Man and he are not gender-neutral terms, but rather foster exclusion and the idea that women are accessories to men, he said.

“My feeling is that these kinds of supposedly generic words reinforce a bias that’s in our culture – that men are the sort of standard human beings and that women are a sort of variation.”

Hofstadter thinks that a truly gender-neutral term would have “no connotation whatsoever of either sex.”
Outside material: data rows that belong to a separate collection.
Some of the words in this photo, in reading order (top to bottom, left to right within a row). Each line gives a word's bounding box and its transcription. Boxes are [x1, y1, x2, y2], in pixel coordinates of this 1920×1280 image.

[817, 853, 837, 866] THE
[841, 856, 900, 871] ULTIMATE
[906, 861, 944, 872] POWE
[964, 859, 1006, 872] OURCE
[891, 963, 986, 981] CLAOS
Richard Manning, who teaches philosophy of language at USF, said he didn’t see the practical side of using gender-specific terms, considering the alleged sexism inherent in terms like man.

“Person is a wonderfully neutral word,” he said. “What would be the point of being a linguistic conservative in this context? I mean, are you trying to save ink?”
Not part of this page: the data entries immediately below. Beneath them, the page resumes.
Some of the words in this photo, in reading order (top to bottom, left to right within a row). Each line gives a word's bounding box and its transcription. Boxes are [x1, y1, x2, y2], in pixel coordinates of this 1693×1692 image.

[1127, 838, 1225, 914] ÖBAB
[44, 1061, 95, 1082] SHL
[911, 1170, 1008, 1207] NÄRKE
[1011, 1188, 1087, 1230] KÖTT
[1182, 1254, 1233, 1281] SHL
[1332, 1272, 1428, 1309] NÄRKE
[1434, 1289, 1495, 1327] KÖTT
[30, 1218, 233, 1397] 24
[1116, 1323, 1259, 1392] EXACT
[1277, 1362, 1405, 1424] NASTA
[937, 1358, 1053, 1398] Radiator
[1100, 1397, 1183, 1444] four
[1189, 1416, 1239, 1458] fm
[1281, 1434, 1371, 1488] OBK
English professor Gary Lemon, who teaches in the women’s studies department, said the general use of man and he conveys exclusion and reflects society’s view of women in general.
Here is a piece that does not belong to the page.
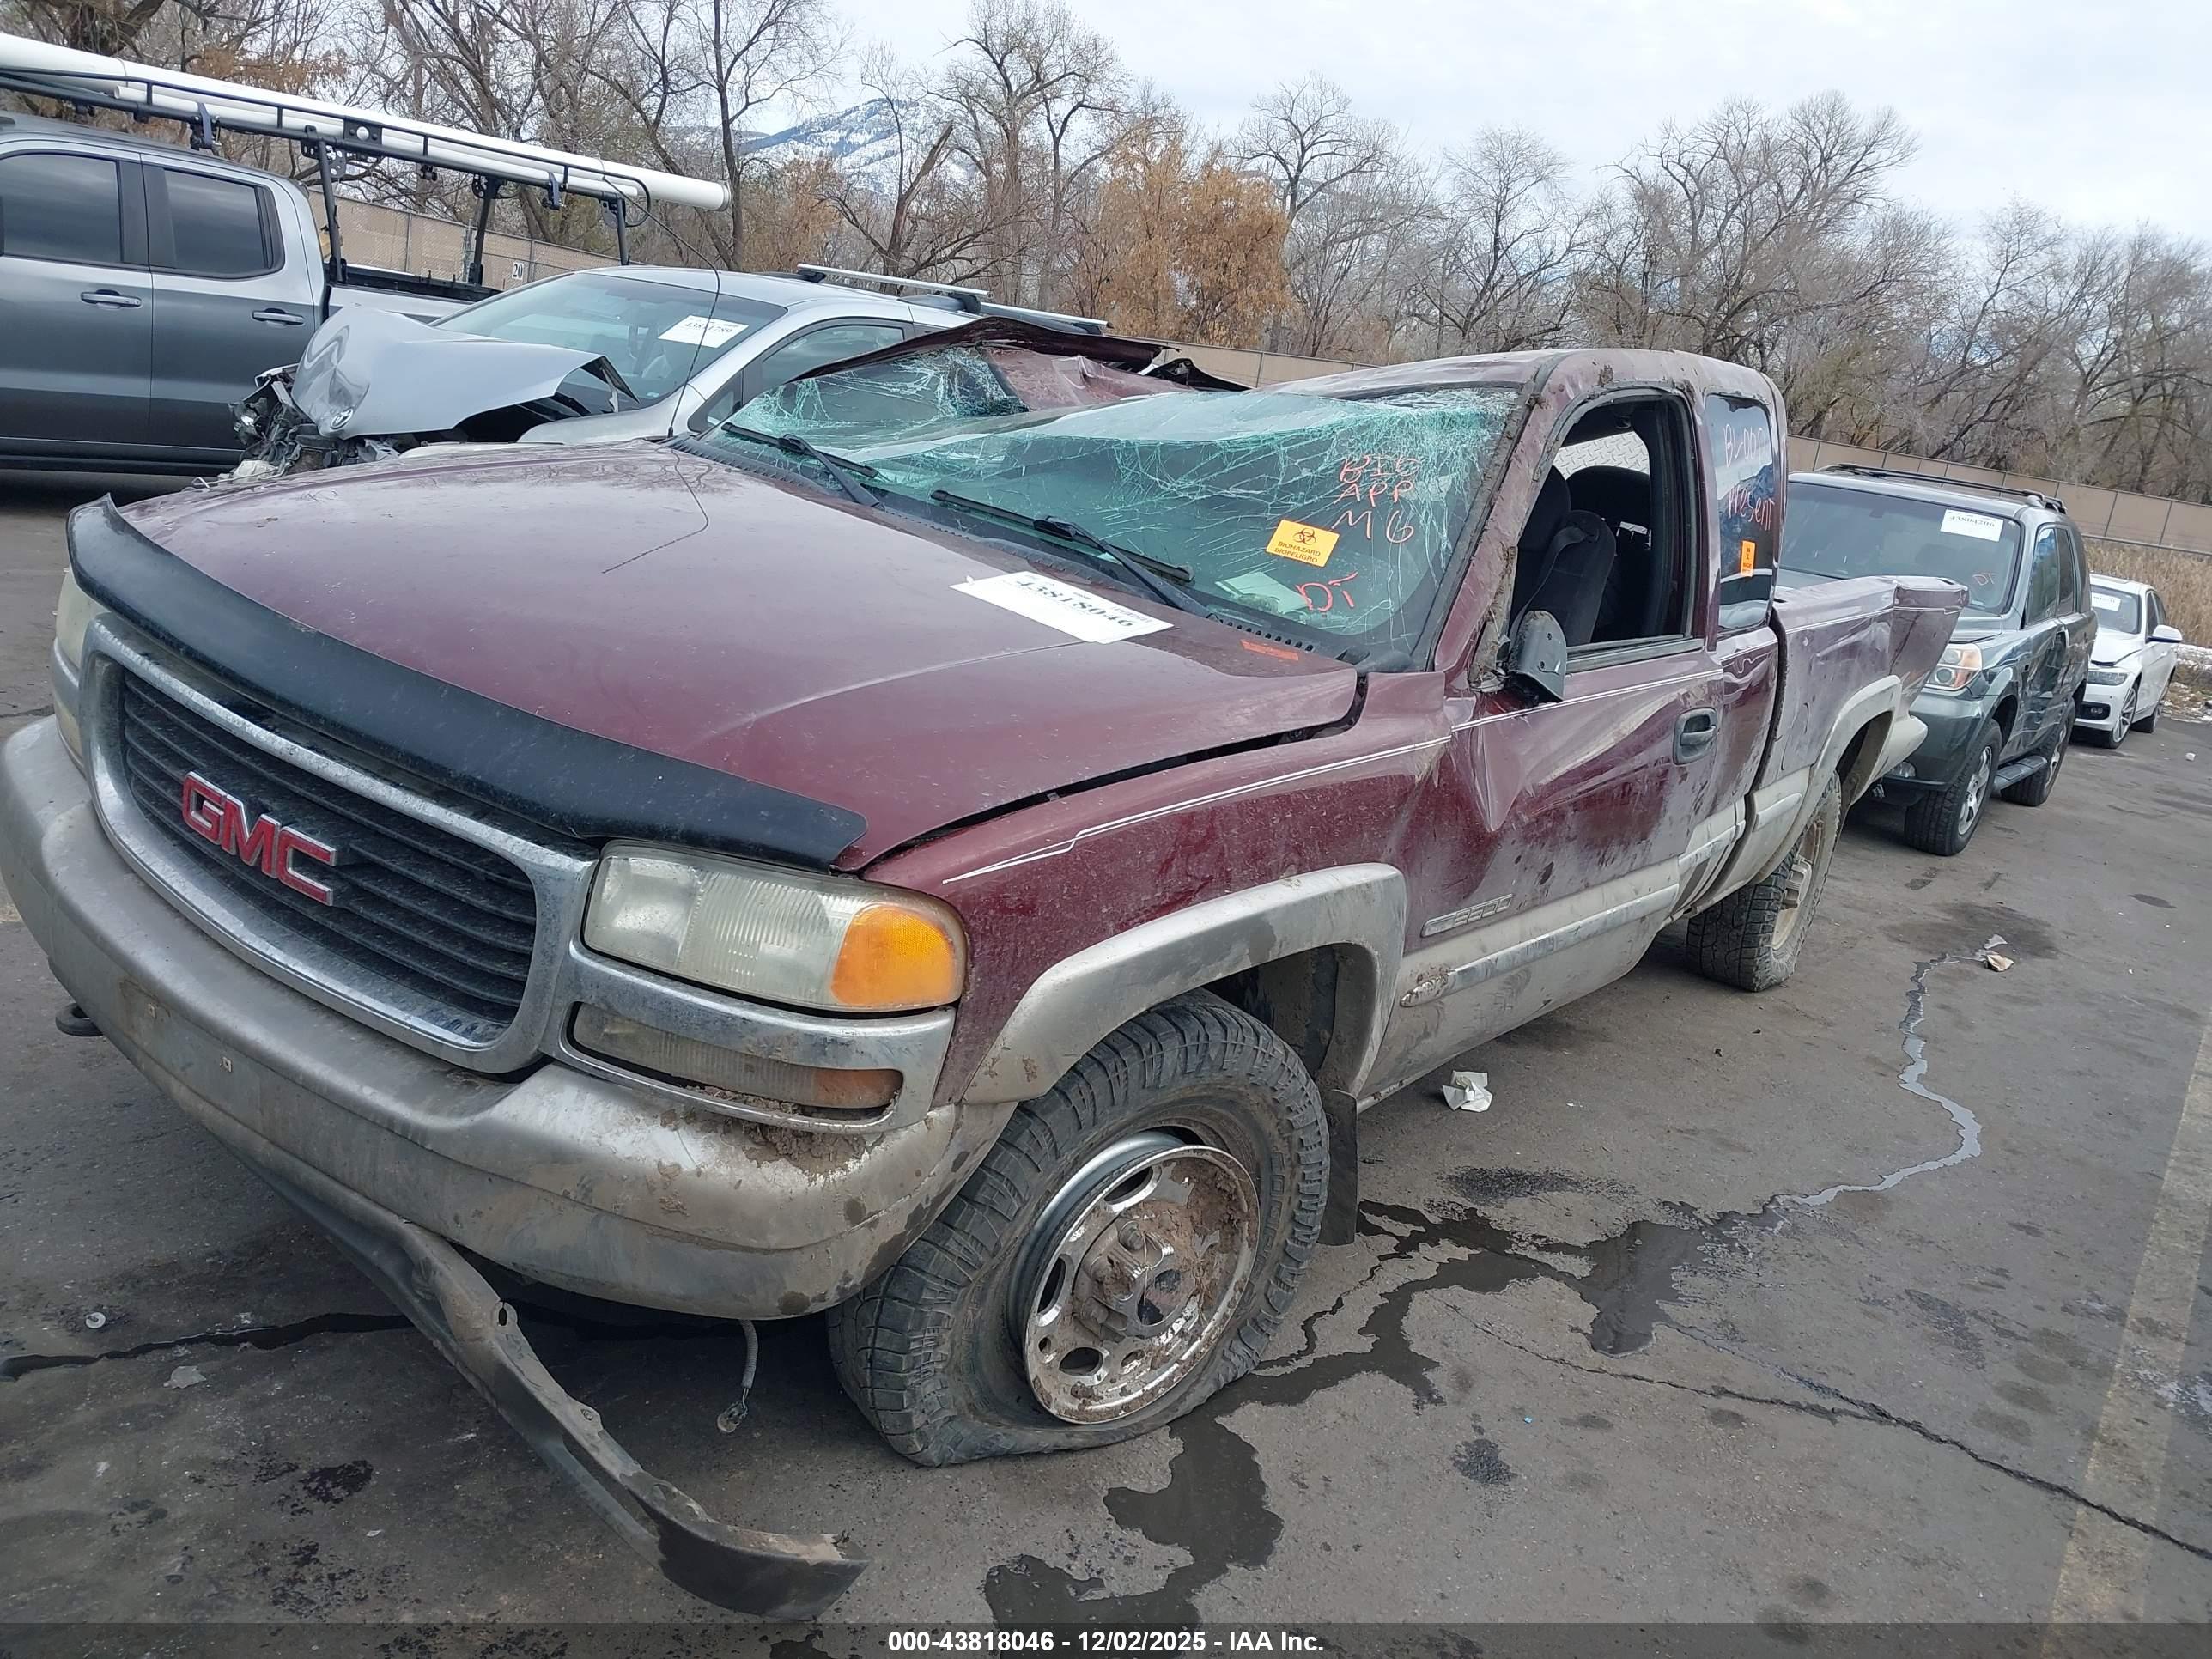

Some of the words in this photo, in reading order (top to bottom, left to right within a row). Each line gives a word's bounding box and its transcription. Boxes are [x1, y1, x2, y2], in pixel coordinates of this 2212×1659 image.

“When you live in a male-supremacist society, it, well, places men at the center linguistically.”

Even when discussing homosexuality, Lemon said, latent sexism peeks through in the sense that people say gay and lesbian rather than lesbian and gay.

The popular call to overhaul English, however, has not been reflected in an expansion of the language to include the terms freshperson and freshpeople, according to officials at Springfield, Mass.-based Merriam-Webster.

The company updates the dictionary yearly to account for new words and changes in use.

According to Thomas Pitoniak, an associate editor at Merriam-Webster, a word’s candidacy for entry into the dictionary is strongly influenced by how frequently it’s recorded in the company’s database.

Currently, freshpeople only appears once in the database, freshperson a mere seven times, though Pitoniak said he “has heard that issue coming up with (freshman).”

So far, it doesn’t look like freshpeople or freshperson are going to make the cut.

“You’d need much more evidence than just a handful of examples to indicate a word is common enough to go into the dictionary,” he said.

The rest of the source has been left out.